Supported languages
Automatically generated JSON with supported language codes.
We use BCP-47 like language codes that allow us to use them as a label for Taskcluster, parse in various tools and accommodate different specialized use cases like training region-specific and low-resource languages, multilingual models etc.
The language codes should be supported by ICU.
Examples:
| Code | Language variant |
|---|---|
| en | English |
| ru | Russian |
| nb | Norwegian Bokmal |
| sq | Albanian |
| zh | Chinese in Simplified script (ICU default) |
| zh_hant | Chinese in Traditional script |
| sr_cyrl | Serbian in Cyrillic |
| pt_br | Brazilian Portuguese |
| ca_valencia | Catalan Valencia |
| hbs | Macro language for Serbo-Croatian group |
The code for language support and mappings to various tools are encapsulated in the pipeline/langs module.

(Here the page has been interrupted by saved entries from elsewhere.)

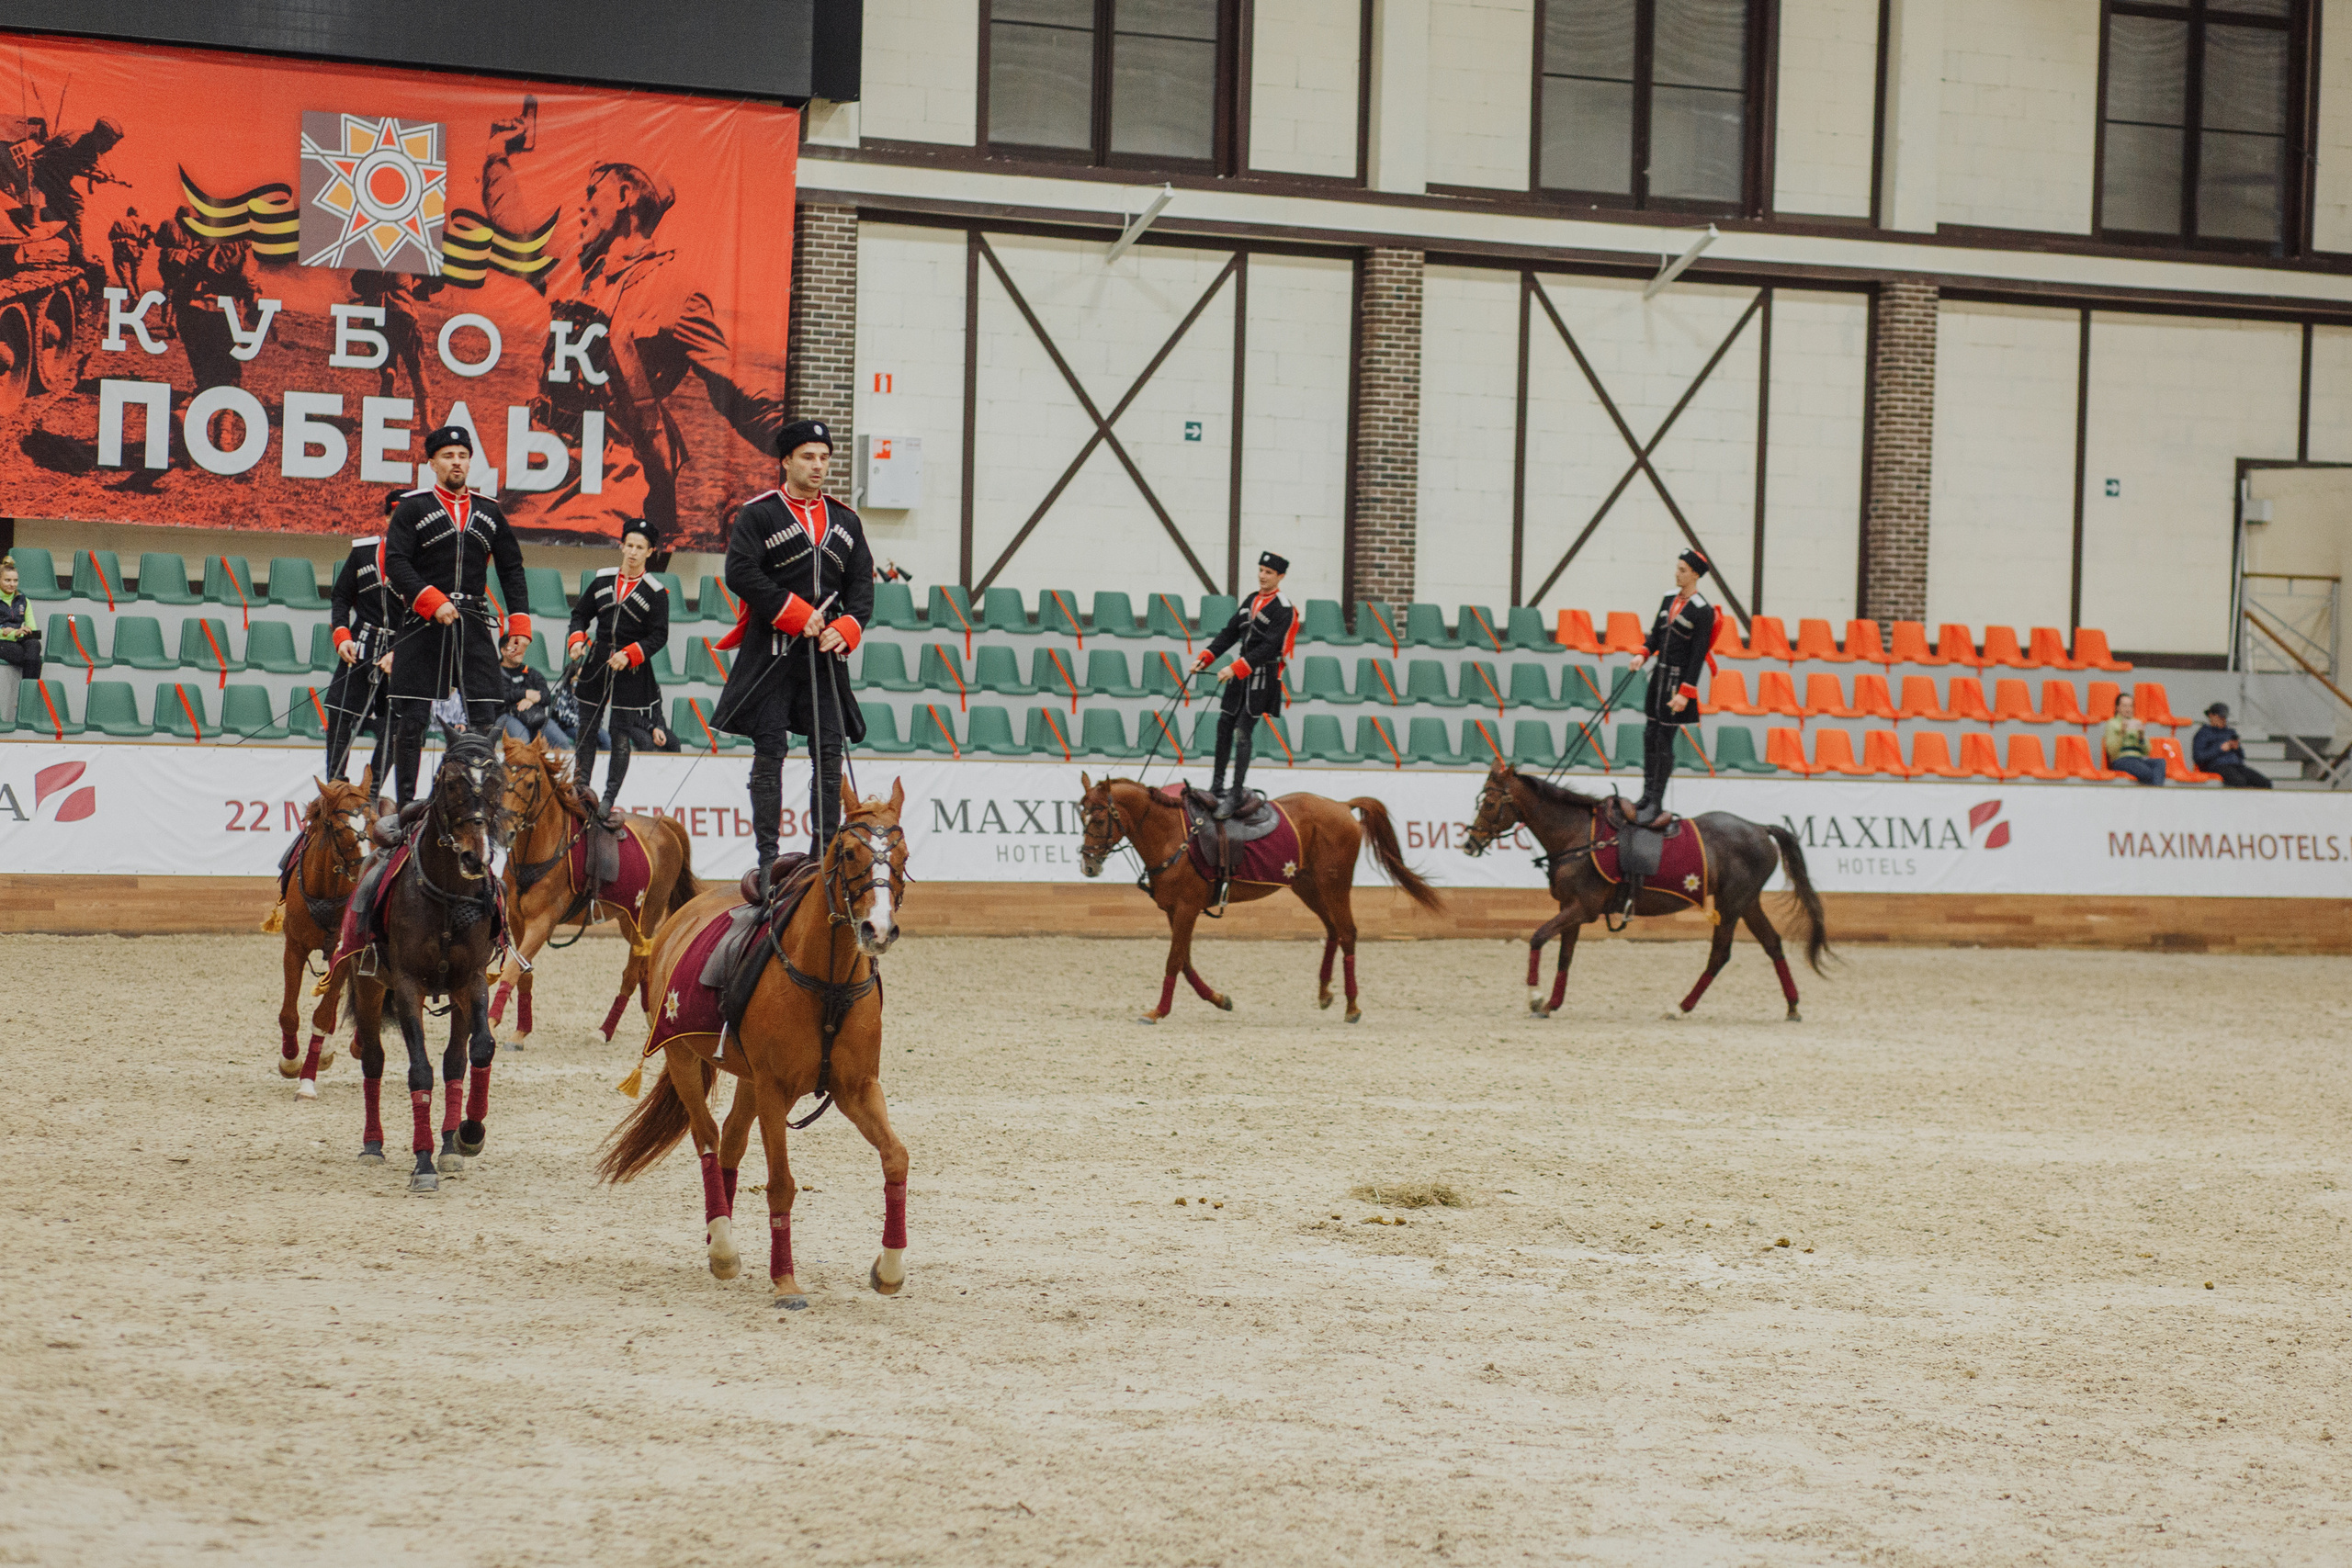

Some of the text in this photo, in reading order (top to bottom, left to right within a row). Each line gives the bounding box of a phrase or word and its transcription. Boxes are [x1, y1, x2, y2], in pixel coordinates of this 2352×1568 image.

[102, 287, 610, 386] КУБОК
[97, 378, 605, 497] ПОБЕДЫ
[225, 800, 270, 831] 22
[1781, 815, 1968, 850] MAXIMA
[2109, 831, 2352, 861] MAXIMAHOTELS.
[1838, 857, 1917, 874] HOTELS
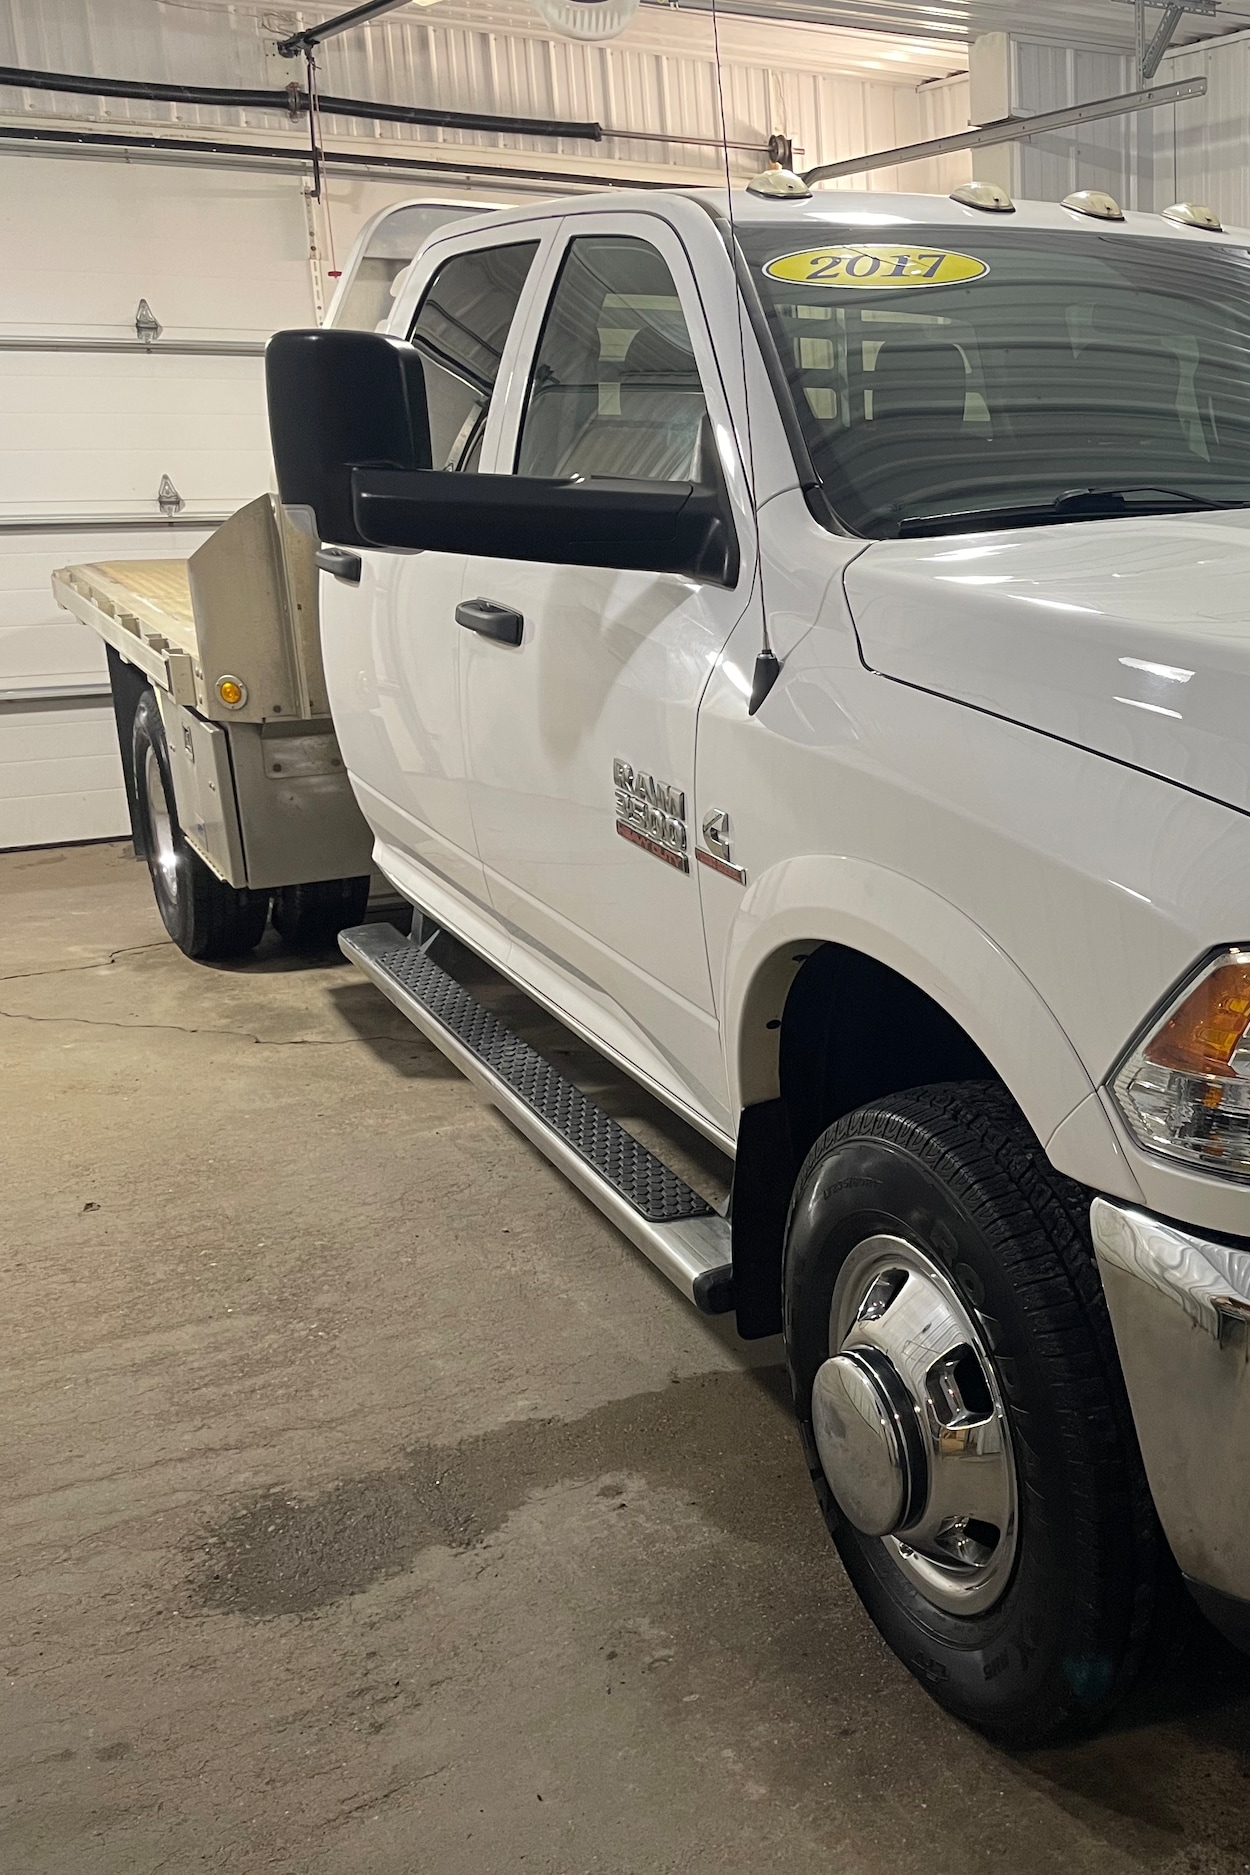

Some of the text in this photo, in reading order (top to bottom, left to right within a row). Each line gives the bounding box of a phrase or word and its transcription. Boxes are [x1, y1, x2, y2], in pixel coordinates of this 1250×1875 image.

[805, 253, 947, 280] 2017
[613, 757, 686, 821] RAM
[614, 788, 687, 852] 3500

The current supported languages are defined in pipeline/langs/maps.py.
We generate a JSON for all langauge codes supported by the pipeline: pipeline/langs/all_autogenerated.json. It is useful to verify languages codes for specific tools. To regenerate run:
task generate-langs-map
To add support for a new code, add it to PIPELINE_SUPPORT, regenerate the JSON and adjust mappings for various tools if needed.